He throws open the gate, you’re following so close you almost trip on his heels making your way up the walkway and steps. He fumbles for his keys and unlocks the doors, you take the opportunity to run your hands all over his back and sides, rubbing the wet cloth of his shirt as it molds to his body. The door swings open and you both shuffle into his living room gasps escaping your mouths, both out of breath from your dash home and your mutual want for each other. You step out of your wet shoes and shake your hair out. 
“Take your dress off, right now.” Joel huffs out as he tosses his keys on the console table and begins to kick his boots off. 
You strip yourself of your baby blue frock as fast as you can. You’ve never had a reason to wear such a revealing piece of clothing. You don’t know why you held onto it, let alone grabbing it from the communal clothing rack, never thinking anything, or anyone, would be worthy enough for you to dress up for. Joel’s worthy, so worthy. 
“Feel like I’m a little underdressed here…” your words grab Joel’s attention as he moves his hands up to his chest to begin to unbutton his denim shirt. He gets one button taken care of before he rips it open. Shame, it’s your favorite shirt, you'll have to fix it for him later. You watch as a button rolls underneath a table, before you can note where it lands, your attention turns back to Joel to find him stepping out of his jeans and underwear leaving him completely naked. 
What a sight, what a fucking sight. There’s only a lamp on in the room, Joel’s body being cast in amber color and shadow, one side of him on full display glowing in the light, the other more difficult to discern. He moves forward stalking you. “Now I’m the underdressed one here. Take them off for me,” he says as he moves to pick up a bottle of whiskey from his shelf. 
You follow his instructions shucking your underwear down your legs and leaving them pooled at your feet. 
“Good girl,” Joel says as he begins to walk towards you unscrewing the lid off the bottle. He stands in front of you and takes a drink. “Open your mouth,” he orders as he grabs your hair and tips your head back. He takes another pull from the bottle, this time he raises his mouth over your mouth and begins to dribble drips of whiskey down from his mouth into yours. A moan raises from your throat, causing Joel to tighten his hold on your hair and arch your head back even more. He spits the rest of the whiskey straight into your mouth, you happily swallow his spit and liquor down. He unwinds his hands from your hair, takes another drink and kisses you, the whiskey and his tongue spilling into your mouth. Joel pulls back and takes his last swig before resting the bottle on the table. “Get upstairs.”
You don’t think you’ve ever run so fast in your life, tripping over your feet as you rush your way up, Joel’s naked form hunting you like prey up each step.
The sight of Joel’s bed brings a new wave of goosebumps to your skin. 
“Bend over on the bed darlin,” Joel turns on a lamp in the corner and pulls it closer. “Need to lick and fuck you with my tongue.” 
You move over to Joel’s side of the bed and bend forward, your ass sitting high in the air and your face in the sheets, you inhale the smell of Joel on his sheets.

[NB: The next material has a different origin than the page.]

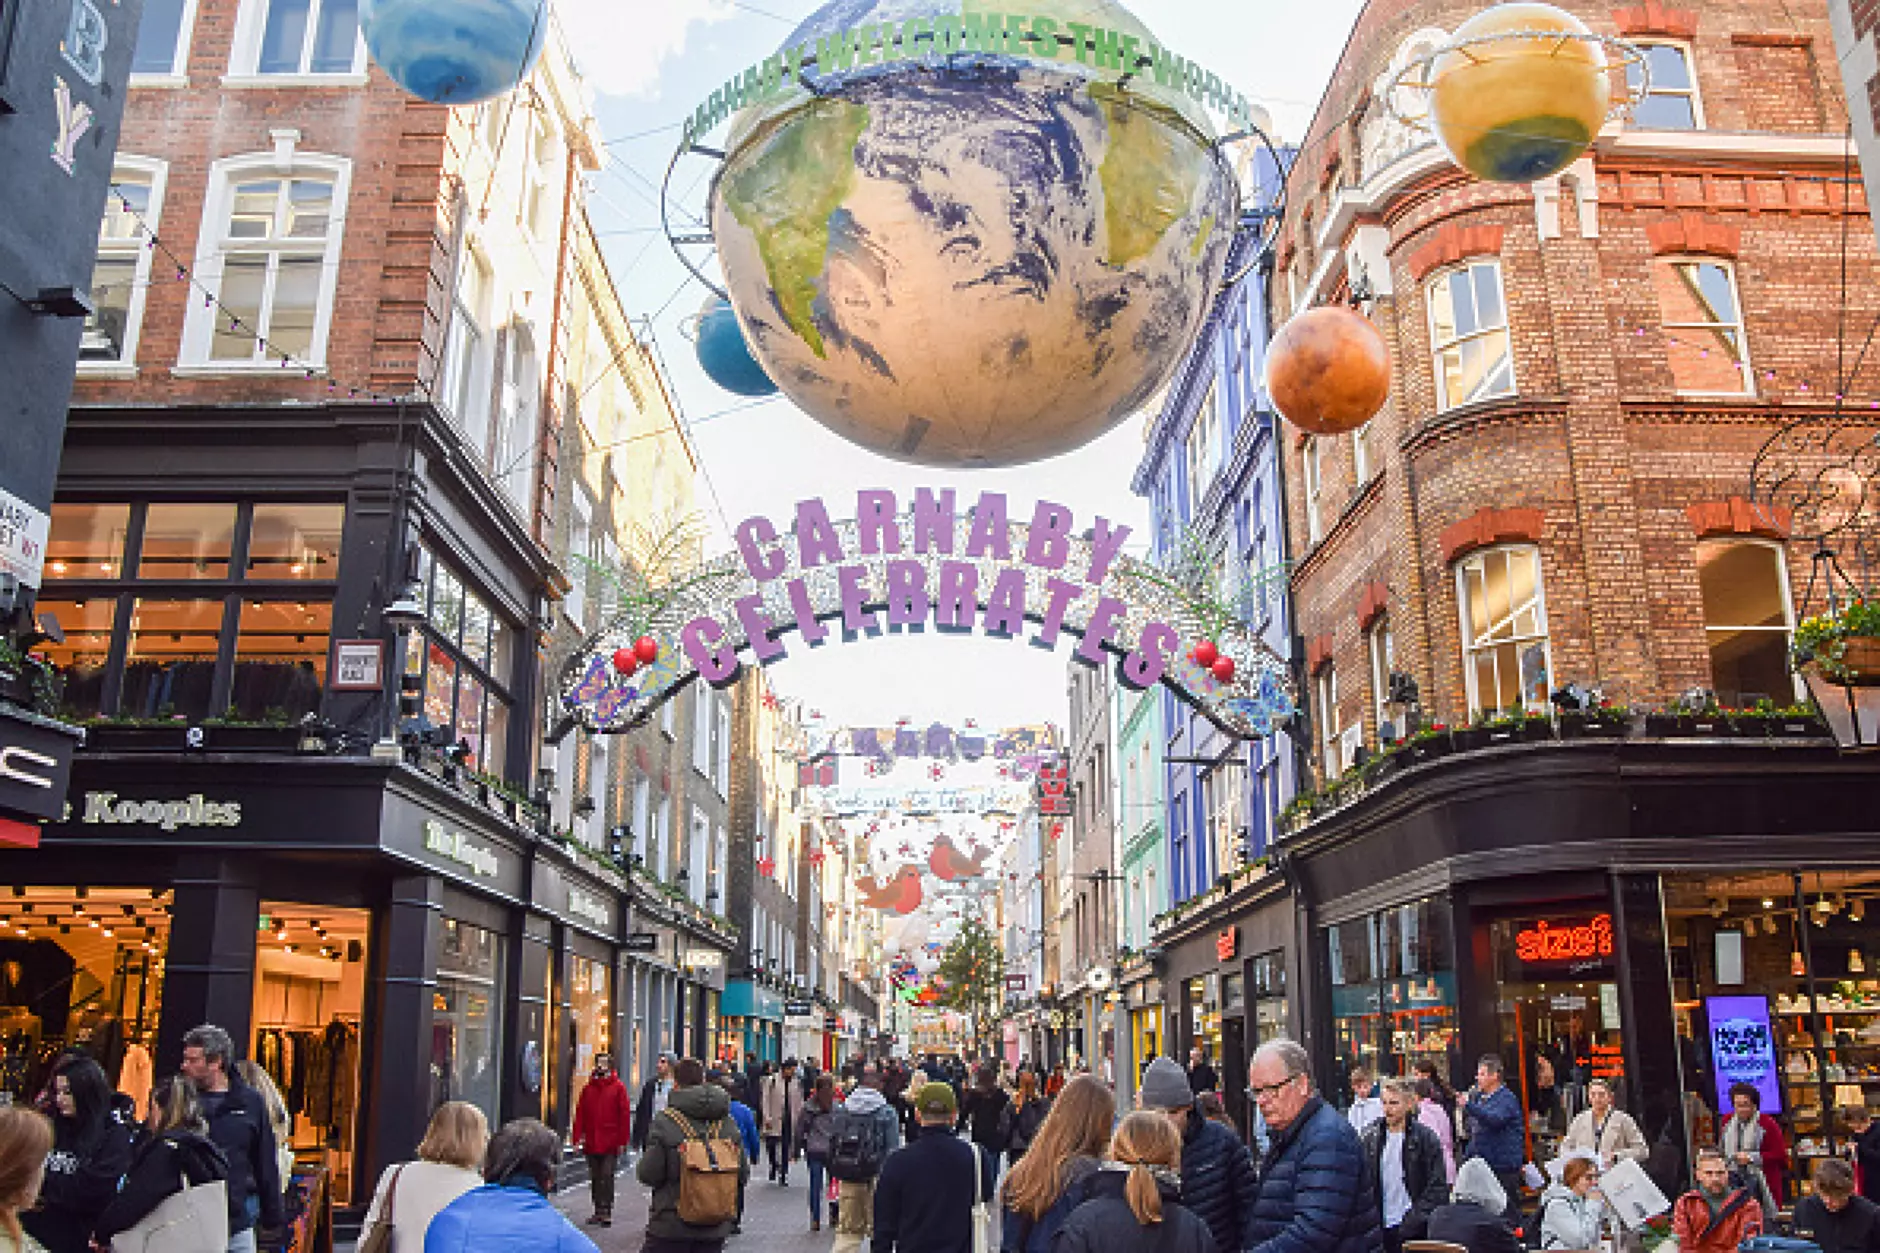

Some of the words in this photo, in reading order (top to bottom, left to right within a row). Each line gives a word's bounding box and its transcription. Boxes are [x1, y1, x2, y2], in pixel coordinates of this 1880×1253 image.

You swing your hips in giddy anticipation of what’s about to happen. 
You feel his body lean over yours, his erection laying over your lumbar. “Okay baby, once again, need you to tell me you’re good with me having my way with your body,” he tempts into your ear. 
“Fuck, y—yes, fuck, of course I am good. So good.”
“That’s my girl,” Joel’s heavy body lifting off of yours as he kneels between your legs. You feel his hot breaths on you where you’re aching for him the most, you widen your stance egging him on to touch you. “Look at you,” Joel licks your thigh, “so fuckin’ wet you’ve spilled out into your thighs.” 
You scream a pleasured yell as Joel’s teeth bite down into the flesh of your thigh and sucks your skin into his mouth. The pain is perfect. He loosens his bite, kissing and licking the spot, the sensation making your body quiver. 
“Okay baby?”
“Y-y-yessss,” you answer.
“Whaddo you need sweetheart?” 
“Lick me,” you beg out, “please.”
“‘Course. Where do you want me to lick you?” Joel questions as he nuzzles his head against your ass cheek, giving it a small bite.
“My pussy. Pleeeaaase,” you’d say you sound pathetic but you couldn’t care less, your lust overshadowing any type of pride.
“Mm, you sound so needy baby, you sound like you really need my tongue on you, huh?” His teasing drawl drives you crazy, your body won’t stop moving, absolutely radiating tensity from your want.
“Please,” you implore, sobbing out. 
“Alright baby,” his hands grab your cheeks and spreads them, widening his view of you. “Prettiest thing I ever seen, love your pussy.”
This act feels so depraved, everything on display for him, legs and cheeks spread wide, your pussy exhibited for him like it’s an art piece.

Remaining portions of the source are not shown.